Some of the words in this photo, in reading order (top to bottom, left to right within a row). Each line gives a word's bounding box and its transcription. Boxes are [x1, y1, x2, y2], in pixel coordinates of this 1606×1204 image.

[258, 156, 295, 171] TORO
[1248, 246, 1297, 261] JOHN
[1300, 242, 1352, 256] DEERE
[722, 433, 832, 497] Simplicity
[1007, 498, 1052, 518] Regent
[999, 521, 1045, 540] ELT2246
=======
ABOUT THIS EXERCISE: Nothing may change. Retype all of the entries.

ANSWER AREA:
Some of the words in this photo, in reading order (top to bottom, left to right within a row). Each line gives a word's bounding box and its transcription. Boxes are [x1, y1, x2, y2], in pixel coordinates of this 1606×1204 image.

[258, 156, 295, 171] TORO
[1248, 246, 1297, 261] JOHN
[1300, 242, 1352, 256] DEERE
[722, 433, 832, 497] Simplicity
[1007, 498, 1052, 518] Regent
[999, 521, 1045, 540] ELT2246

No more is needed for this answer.